Apesar de ainda não ter formatado o projeto da grande missão que a Igreja Católica desenvolverá nos próximos anos no continente --uma das propostas da Conferência de Aparecida--, o documento final da grande reunião eclesial celebrada em maio traz diretrizes que já permitem visualizar algumas prioridades pastorais dos bispos.

Uma delas, elogiada por Bento XVI na carta que dirigiu ao CELAM autorizando a publicação do Documento de Aparecida, dia 10 de julho, é justamente a prioridade da Eucaristia e a santificação do Dia do Senhor nos programas pastorais.

«A Eucaristia como fonte da missão, na medida em que nós estamos unidos a Cristo pela Eucaristia, e assim temos mais força para testemunhá-lo perante o mundo de hoje», afirmou Dom Damasceno.

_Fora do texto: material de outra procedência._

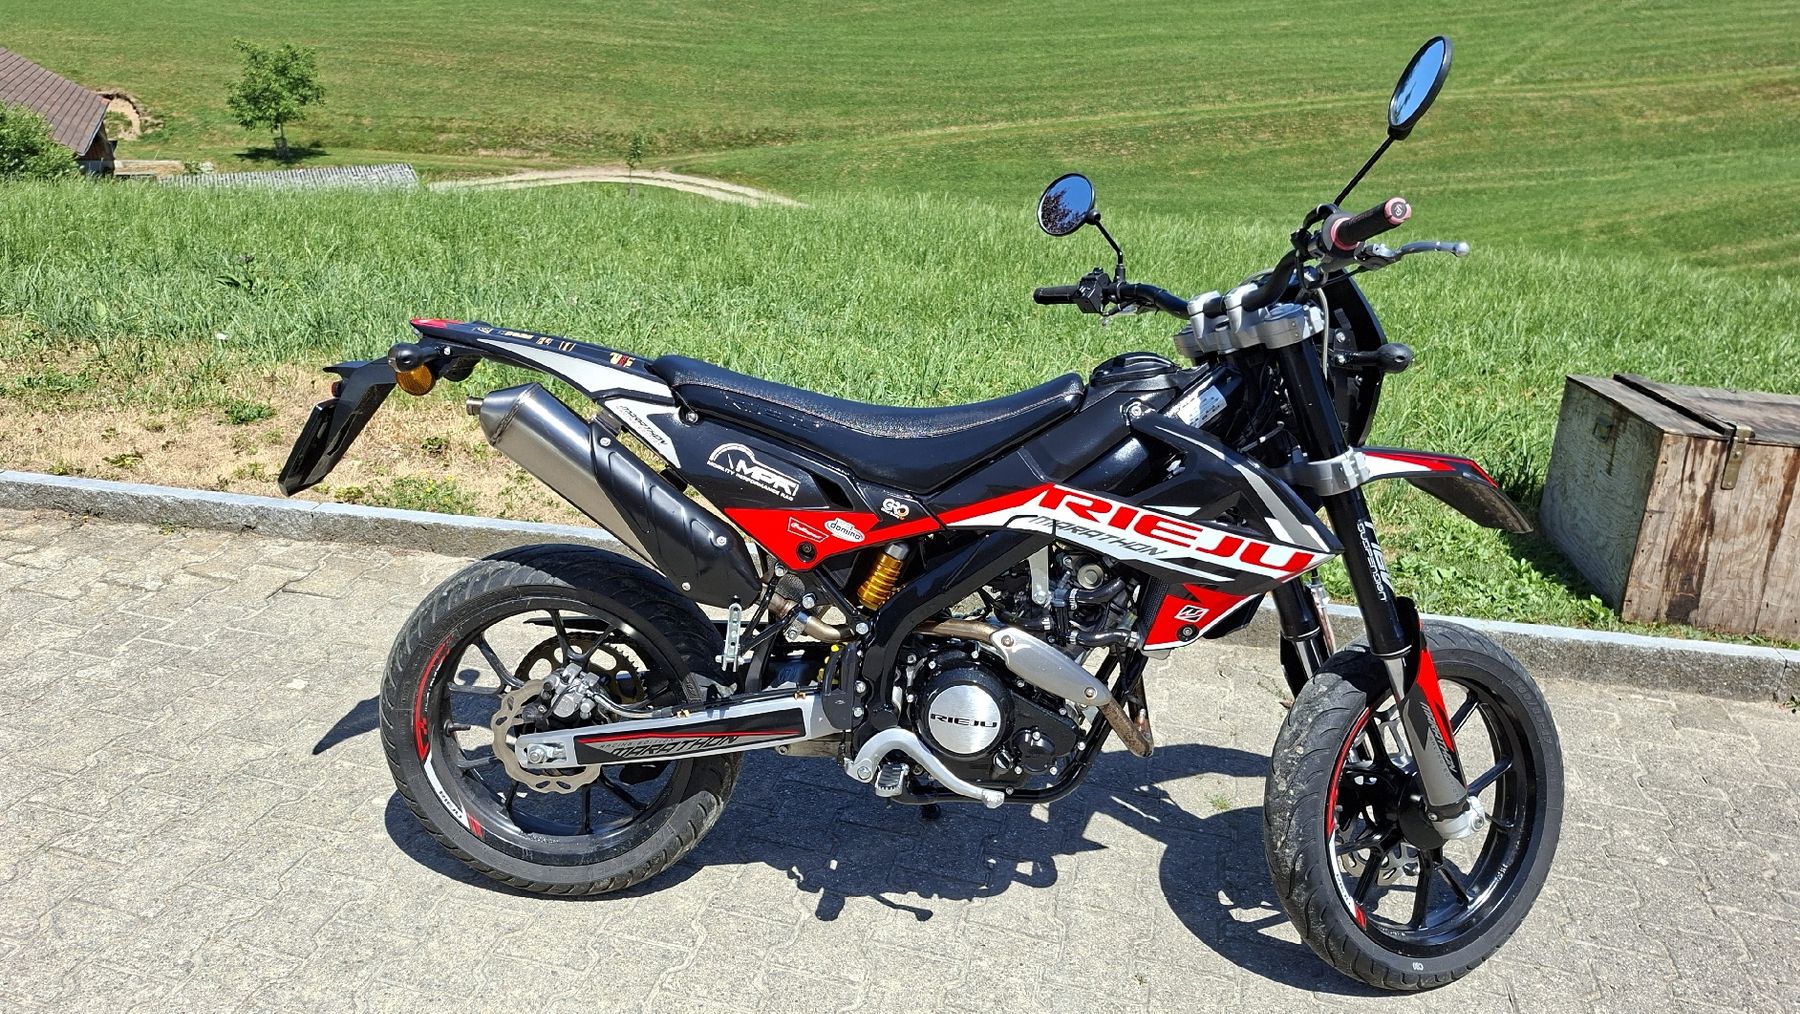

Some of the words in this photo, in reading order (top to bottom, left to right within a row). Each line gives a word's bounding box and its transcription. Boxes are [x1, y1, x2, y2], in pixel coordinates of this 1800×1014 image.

[830, 522, 861, 541] domino
[1029, 515, 1168, 556] MARATHON
[1039, 488, 1314, 572] RIEJU
[930, 713, 998, 728] RIEJU
[612, 736, 740, 757] MARATHON
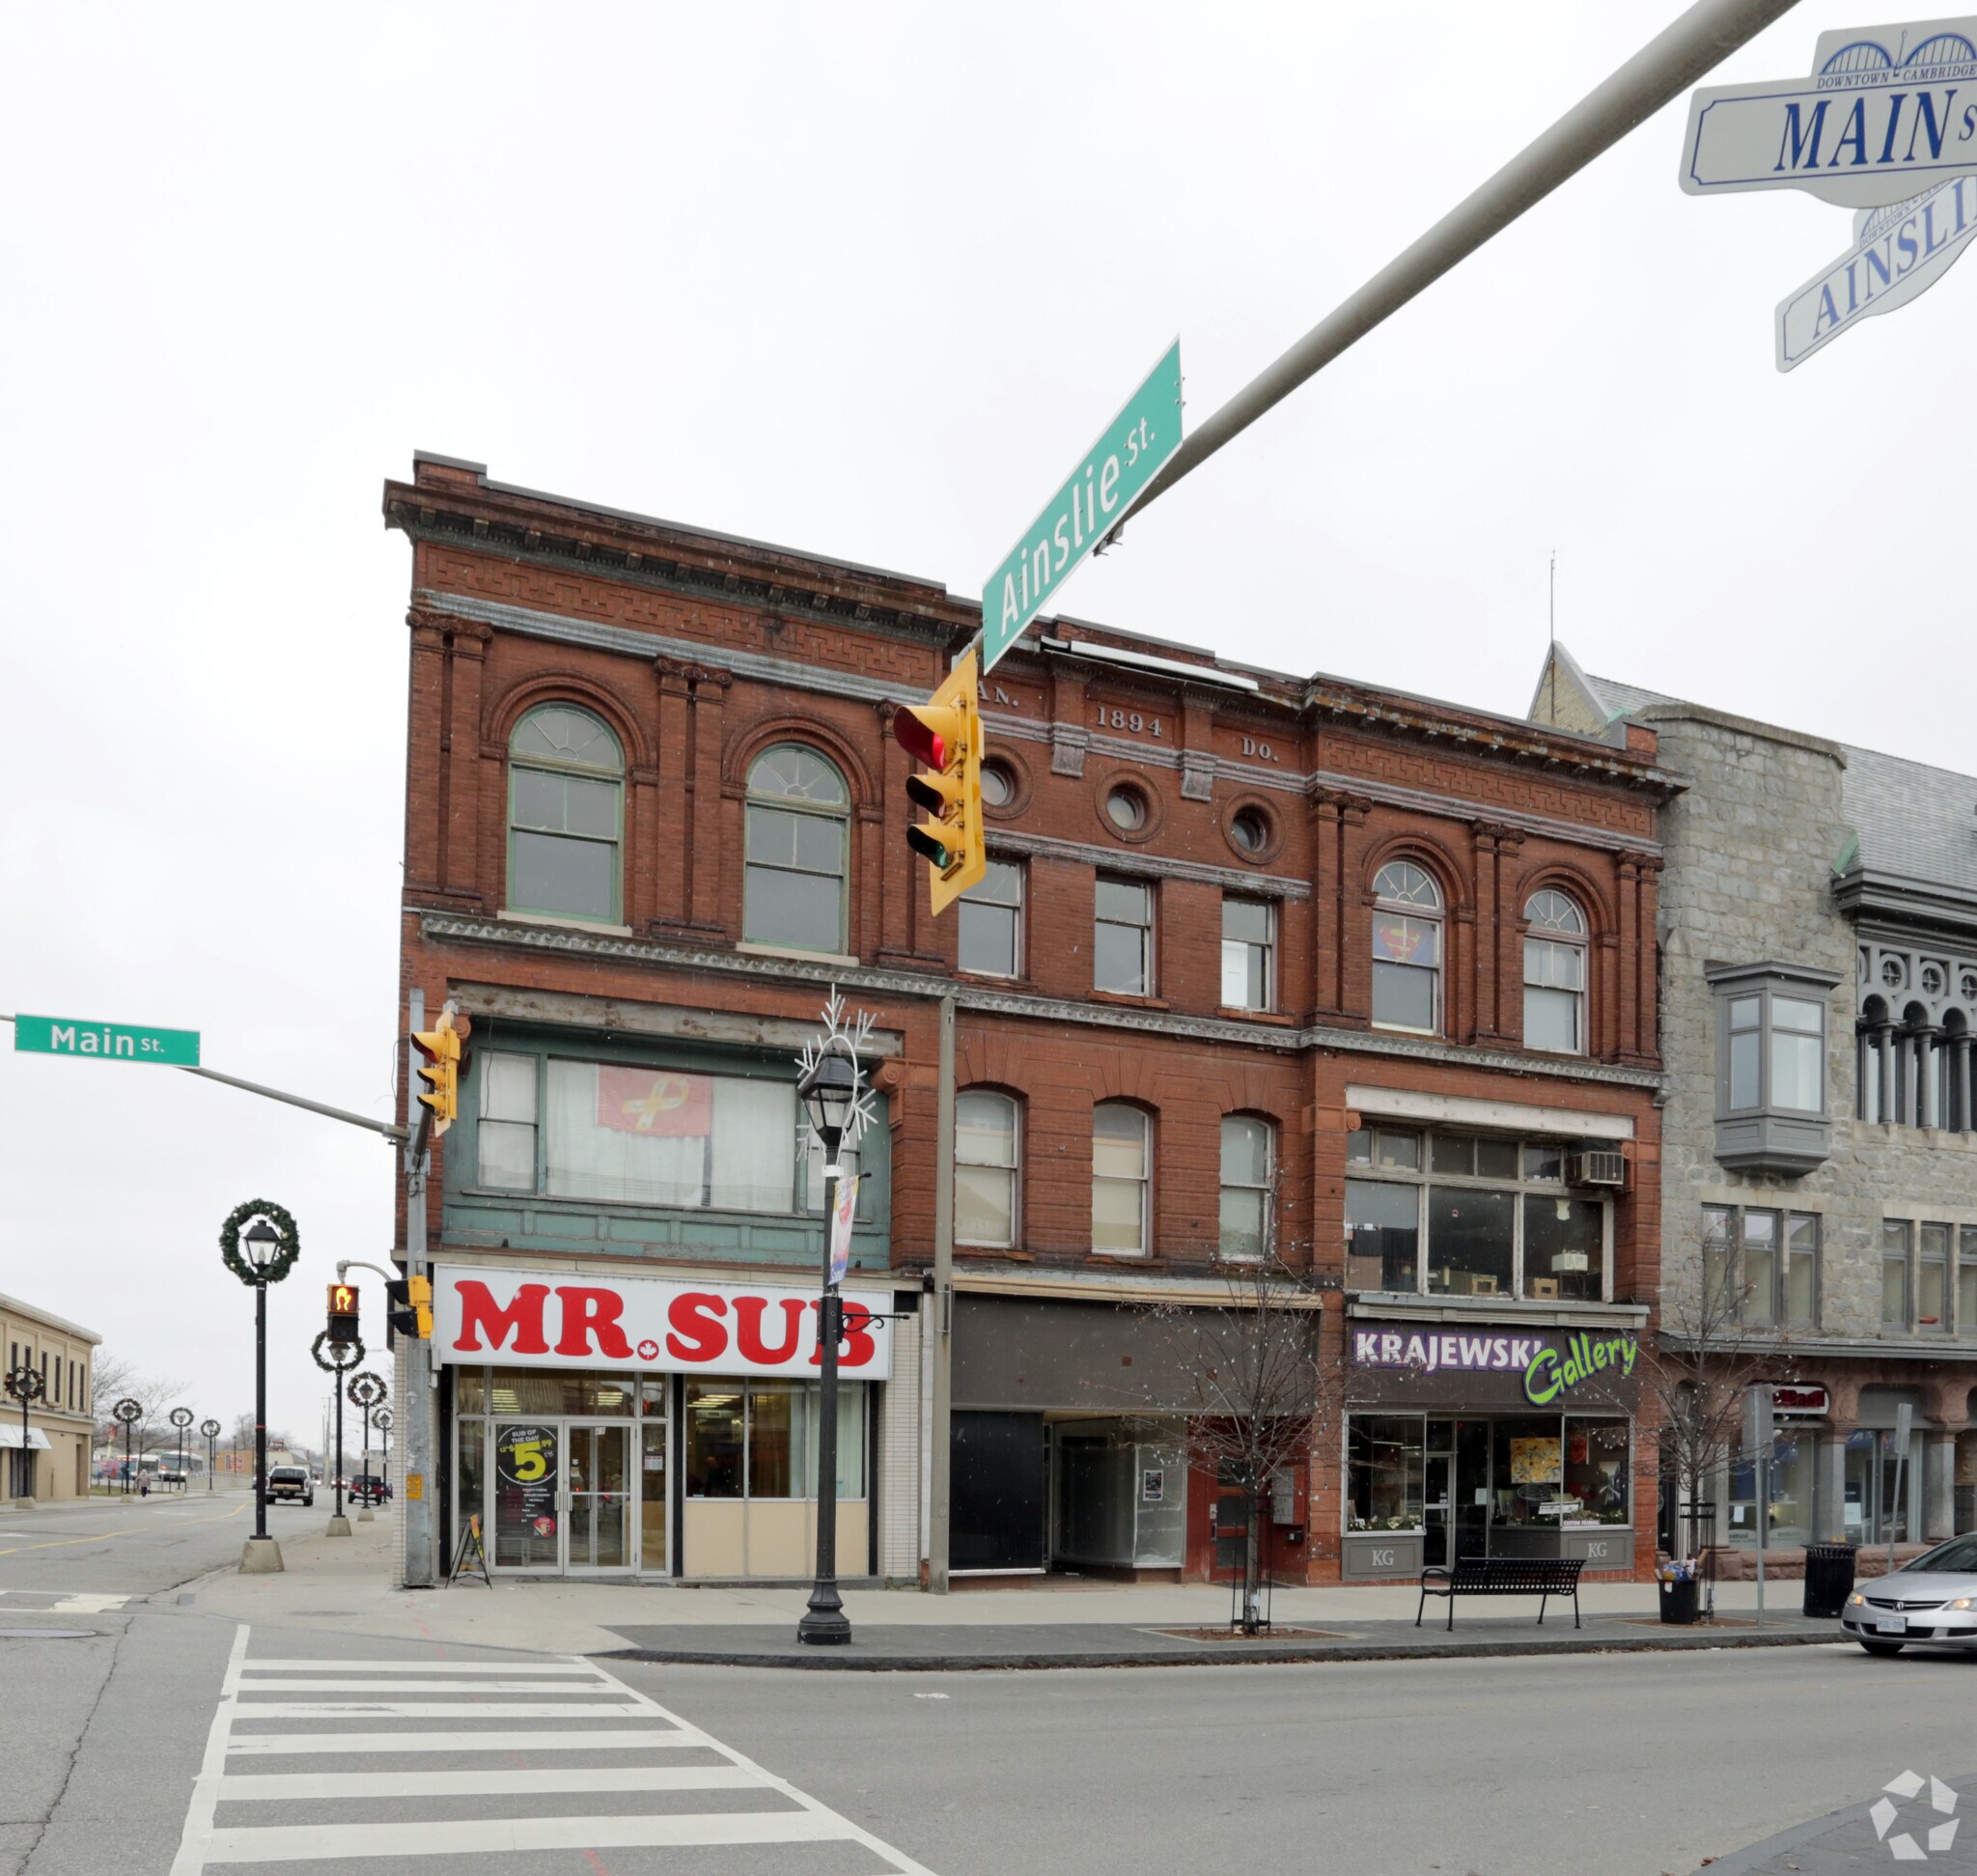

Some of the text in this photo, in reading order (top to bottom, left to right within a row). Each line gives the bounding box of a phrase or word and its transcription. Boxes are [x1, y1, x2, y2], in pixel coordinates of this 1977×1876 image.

[1817, 71, 1890, 89] DOWNTOWN
[1773, 89, 1958, 172] MAIN
[1812, 176, 1977, 340] AINSLI
[1000, 455, 1121, 637] Ainslie
[1097, 706, 1162, 737] 1894
[51, 1024, 135, 1056] Main
[1524, 1331, 1637, 1405] Gallery
[1371, 1550, 1395, 1566] KG
[1588, 1542, 1607, 1558] KG

O presidente do CELAM comentou ainda sobre a importância fundamental do domingo, «um dia especial para o cristão». «É o dia que substituiu o sábado judaico. O domingo é o primeiro dia da semana, o termo significa Dia do Senhor. E para nós, Dia do Senhor é o dia do Ressuscitado, é o dia da ressurreição de Cristo», destacou.

Segundo o arcebispo, a partir da ressurreição, os cristãos sempre se reuniram aos domingos. «Sempre se reuniram para celebrar o memorial da morte e da ressurreição de Cristo e também para celebrar a Palavra de Deus.»

«É o dia em que os cristãos continuam se reunindo para se alimentar da Palavra, para se alimentar do Corpo de Cristo e, ao mesmo tempo, se encontrar como família de Deus, dar testemunho público e social da sua fé», disse.

De acordo com Dom Damasceno, essa característica dos cristãos era tão forte nos inícios da Igreja que eles eram conhecidos pelos pagãos como «aqueles que se reúnem».

«Os cristãos são aqueles que se reúnem. Os pagãos não se reuniam. Os templos pagãos não são lugares de reunião. É o lugar da morada da divindade, mas não é o lugar para o povo se reunir.»

«O templo como lugar de reunião é próprio dos cristãos --explica. Por isso a palavra Igreja, que quer dizer assembléia, do grego ekklesía, significando reunião, comunidade.»

Segundo o presidente do CELAM, «Deus quer congregar, quer reunir as pessoas». E Ele as reúne «em torno do altar onde nós celebramos o mistério da morte e ressurreição de Cristo, e celebramos também a Palavra de Deus».

Para além da importância de se congregar, o arcebispo destacou a atitude conseguinte dos cristãos, ou seja, o fato de se dispersarem entre o mundo para dar seu testemunho.

«Há esse duplo movimento. Esta sístole e esta diástole, como do coração. O cristão se reúne sempre e se dispersa sempre, para poder levar o fermento, a luz, o sal à sociedade.»

«Nesse sentido é de importância fundamental o domingo --enfatiza. Nós não podemos viver nossa fé isoladamente. O cristão tem de se reunir, tem de se congregar, porque pelo batismo ele é feito membro de uma comunidade, de uma Igreja, de uma família.»